Therefore, omics data must generally be filtered prior to JDR. A few filtering strategies are commonly used, such as filtering to the top *n* most variable features or removing non-variable features. However, these approaches may not always lead to an equal proportion of variability being retained from each omics layer.

One approach to filtering in a more data-driven manner is performing principle component analysis (PCA) on the data prior to JDR and using a variance threshold to filter the data. 

Here, we compare the data and models of four JDR tools with and without PCA.

First, we compare the number of features in each omic with and without PCA (reproducing Figures 2 & S2 from the paper).

In [None]:
# Define vectors for file paths
omics_files_no_pca <- file.path(wd, paste0(cancers, "_omics_no_pca.Rda"))
omics_files_pca <- file.path(wd, paste0(cancers, "_omics_pca.Rda"))
save_paths <- file.path("figures", paste0(cancers, "_data_dim_compare.pdf"))

# Create a list of vectors for omics_files
omics_files <- Map(function(pca, no_pca) c(pca, no_pca), omics_files_pca, omics_files_no_pca)
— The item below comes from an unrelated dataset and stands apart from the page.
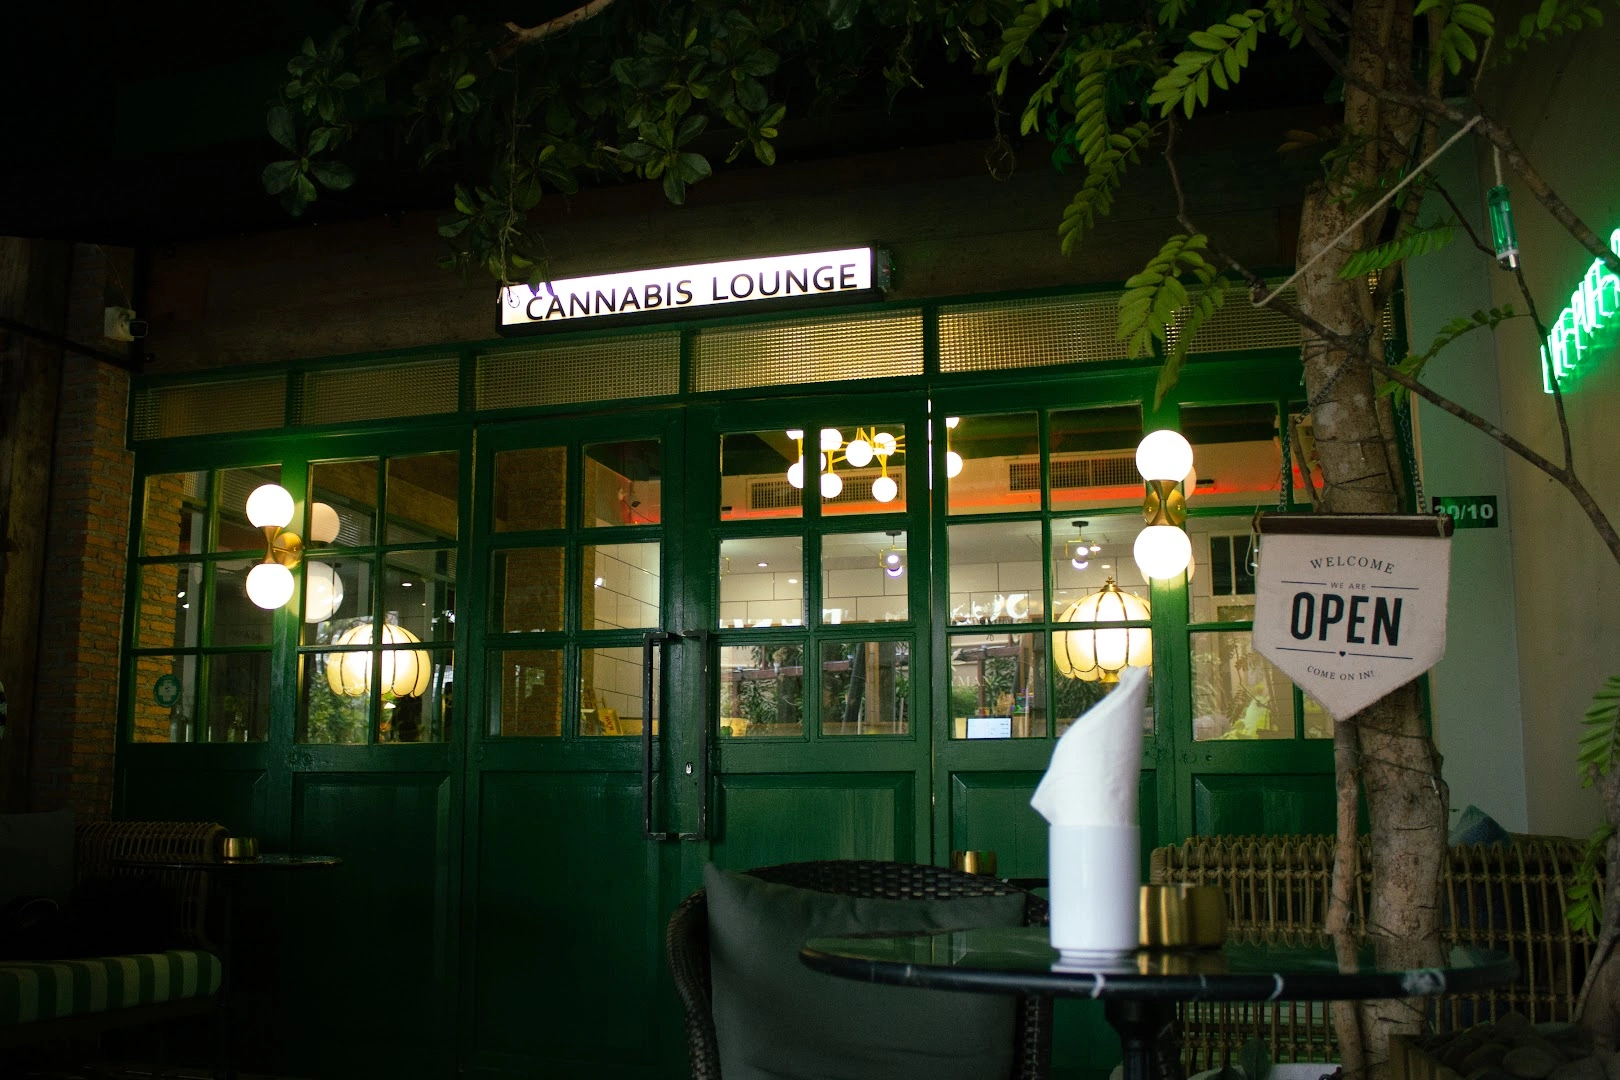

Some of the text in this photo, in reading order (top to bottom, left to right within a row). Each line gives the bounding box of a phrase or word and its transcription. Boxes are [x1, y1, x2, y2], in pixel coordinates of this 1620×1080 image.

# Initialize a list to store plots
p_list <- vector("list", length(cancers))
names(p_list) <- cancers

# Use Map for plotting and saving individual plots
p_list <- Map(function(cancer, omics_file, save_path) {
  message("Processing: ", cancer)
  
  # Plot bar plot
  p <- plot_data_dim(data = omics_file, data_labels = c("PCA", "no PCA"),
                     log_x = FALSE, title = cancer, compare = TRUE)
  
  # Save the plot
  ggsave(p, file = save_path, height = 20, width = 20)
  
  return(p)
}, cancers, omics_files, save_paths)

# Combine all plots into a grid
grid_plot <- do.call(grid.arrange, c(grobs = p_list, ncol = 3))
print(grid_plot)
ggsave(grid_plot, file = "figures/data_dim_compare_all_can.pdf", height = 45, width = 40)

Next we benchmark the performance of four JDR tools (MOFA+, JIVE, MCIA and RGCCA) on the data with and without PCA. 

In [None]:
if (!precomputed) {
  # Ensure the benchmark directory exists
  dir.create(file.path(wd, benchmark_dir), showWarnings = FALSE)

  # Define vectors for omics file paths and save file paths
  omics_files_no_pca <- file.path(wd, paste0(cancers_tcga, "_omics_no_pca.Rda"))
  omics_files_pca <- file.path(wd, paste0(cancers_tcga, "_omics_pca.Rda"))
  save_files_pca <- file.path(wd, benchmark_dir, paste0(cancers_tcga, "_factorisations_pca.Rda"))
  save_files_no_pca <- file.path(wd, benchmark_dir, paste0(cancers_tcga, "_factorisations_no_pca.Rda"))


  # iterate over cancers
  Map(function(cancer, omics_file_pca, omics_file_no_pca, save_file_pca, save_file_no_pca) {
    print(cancer)
    
    # Run factorization
    factorizations_pca <- run_jdr(omic_list = omics_file_pca, seed = 13)
    factorizations_no_pca <- run_jdr(omic_list = omics_file_no_pca, seed = 13)
    
    # Save the factorizations
    save(factorizations_pca, file = save_file_pca)
    save(factorizations_no_pca, file = save_file_no_pca)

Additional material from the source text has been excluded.